By Luke Macaronas, St Kevins College

Men don’t cry.

When we observe little boys and girls, they cry just as much as each other. But then at the age of seven or eight boys stop crying. They’re told to stop crying. They’re not allowed.

Ladies and gentlemen, boys are being told to live up to a singular image of what it is to be a man. This is an ancient image that demands boys be strong, fearless, and deny their emotions.

I see it everyday in the locker room, where boys pick on the weakest kid, throwing around their clothes, flushing them down the toilet, pushing their victims to tears with the all too familiar taunts: suck it up, be a man, have a cry.

And everyone else stays silent as a soldier.

Every day boys work to build this facade. An indestructible armour that satisfies the expectations of the men and the boys around them. But behind the steely exterior, the wall of pride, of strength, the performance of masculinity. That’s where we bury our tears.

Because it is unacceptable to fall outside this narrow definition of male identity. We have been told to fear our differences, to hide our weakness and if we let any of it show, we are teased, we are bullied, we are bashed into silence. Psychologists have found that 79 per cent of boys report experiences of bullying over their identity alone.

So as young men grow up, we put on our masks and we suck it up.

When a man is stuck at work, with chronic back pain, anxious about meeting a deadline, instead of spending time with his loved ones, he’s told by other men to grin and bear it.

When a teenage boy in my class got emotional about a recent break-up, we told him to suck it up and stop crying.

And when I told my primary school friends that I was a dancer, I was laughed at for being a girl.

This culture of hyper-masculinity has developed in the locker rooms, playgrounds and boardrooms of the world, the spaces, unchecked by authority, dominated by men, where boys copy the violent language and actions passed down by their coaches.

And it is schools constantly pushing boys to fulfil a specifically male image of strength and success that has caused severe misinformation and under-education.

These strict behavioural codes, that equate seeking help to weakness, have caused mass under-reporting of mental illness, with suicide now the leading cause of death for men aged 16 to 30. Because guys are too afraid to speak up when they grow up and learn in places where they are bullied and bashed for appearing vulnerable and weak.

And those that deliver health information, do so through the guise of building ‘better men’. The best we can muster for promoting men’s health is a month when men are encouraged to grow moustaches … And have you ever heard any information about men’s health, had serious discussions or even heard some statistics!

Even if we do get the bare bones of discussion, every facet of school life and male-targeted programs are specifically and narrowly male, forcing those identities that fall outside the realms of the tuff and buff to be left by the wayside.

But these stories and experiences don’t end when we finish school; they shape the way men act and grow. Our tolerance for the expectation of male dominance, which has fuelled an epidemic of rape culture and domestic violence.

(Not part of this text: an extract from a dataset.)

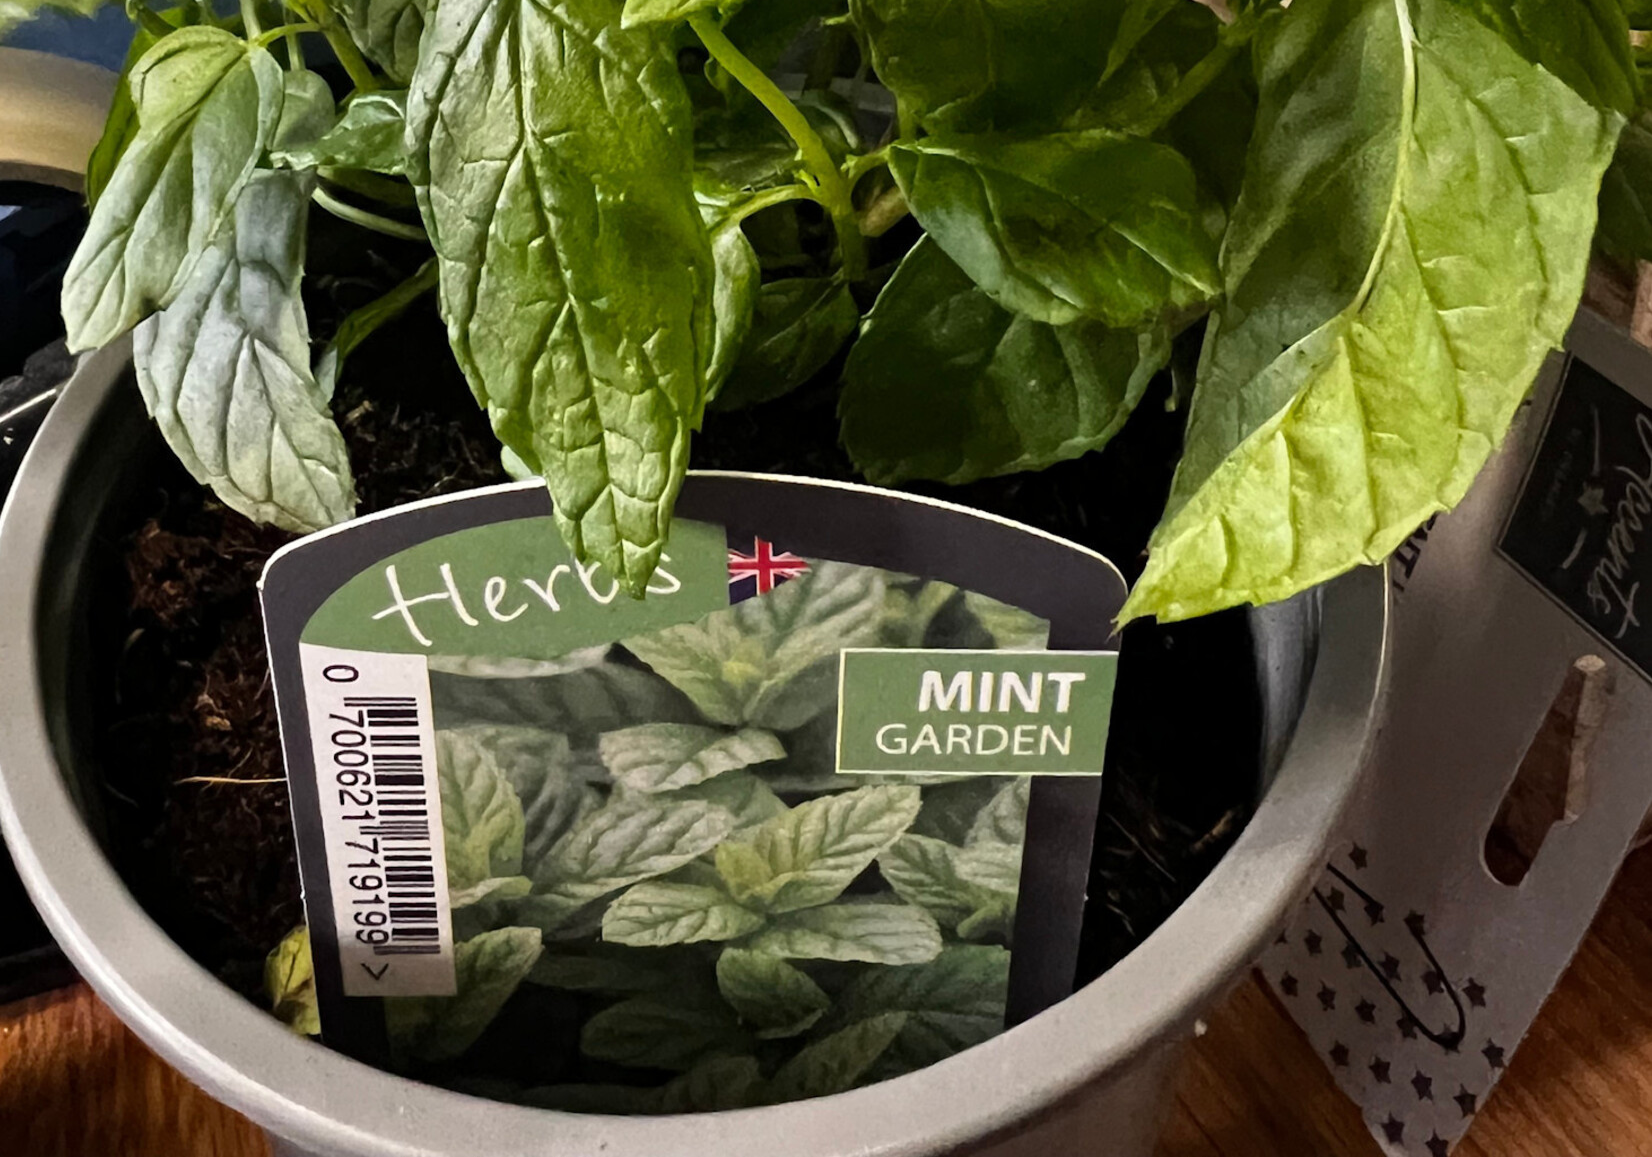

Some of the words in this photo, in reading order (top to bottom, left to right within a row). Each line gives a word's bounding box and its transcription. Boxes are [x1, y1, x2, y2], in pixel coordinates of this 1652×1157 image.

[918, 670, 1087, 713] MINT
[328, 709, 376, 821] 700621
[875, 723, 1072, 756] GARDEN
[344, 837, 390, 945] 719199

The culture that told men to be dominant, fearless and authoritarian has fuelled the idea that males are strong and women are weak, that men must be in control and women must be subservient.

Last month college fraternities led violent campaigns promoting sexual abuse. The slogan ‘no means yes’ was plastered on banners and chanted by fraternity members, and at Yale, boys posed for photos outside the women’s centre crying ‘we love Yale sluts’.

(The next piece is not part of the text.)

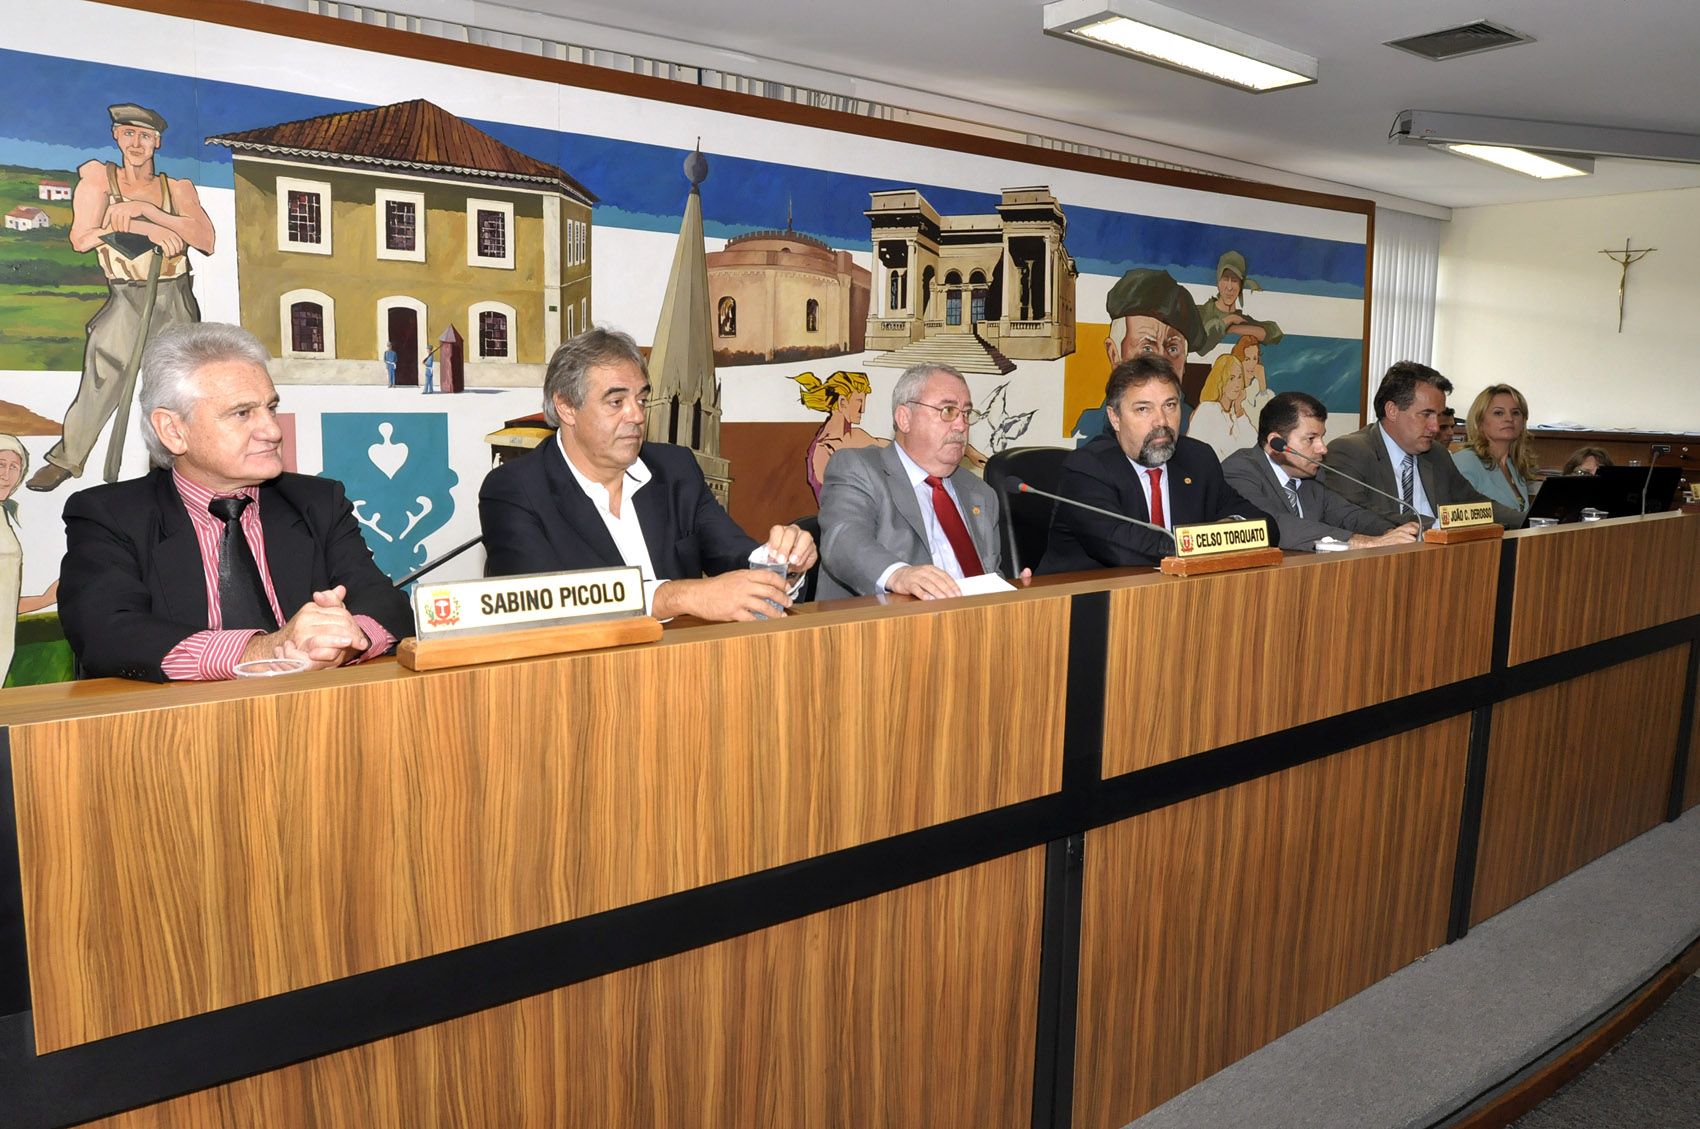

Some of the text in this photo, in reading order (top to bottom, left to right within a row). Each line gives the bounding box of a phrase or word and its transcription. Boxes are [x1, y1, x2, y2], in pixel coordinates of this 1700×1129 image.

What kind of a society creates men like these?

Australia is facing its own epidemic of domestic violence. A violence born out of the pressure placed on men to be emotionless and authoritarian, leading men to justify deplorable acts of violence. A justification that murders two women every week in Australia.

In their need for control, men, so assured of their dominance, commodify women as objects to be disciplined.

It’s time to start listening to people who have experienced these problems, people like Rosie Batty, who’ve told us that ultimately these violent cultures are born out of the environments in which men are raised. Because we have created a single image of masculinity that doesn’t allow boys to feel comfortable in their own skin, so we make them go out and prove it. And we prove it by dragging each other through the mud and tearing each other apart.

It is those environments we need to change. We need spaces in workplaces where men are comfortable speaking about their problems, we need to start conversations in classrooms about why it is okay to cry, and primary school boys, who don’t always fit in, must be told that it is okay to be yourself, they need to know that they are not defined by their gender.

So why don’t men cry? Because that would rust the armour, the mask of masculinity.

We need to tear the armour off our skin.

Now is the time to cry.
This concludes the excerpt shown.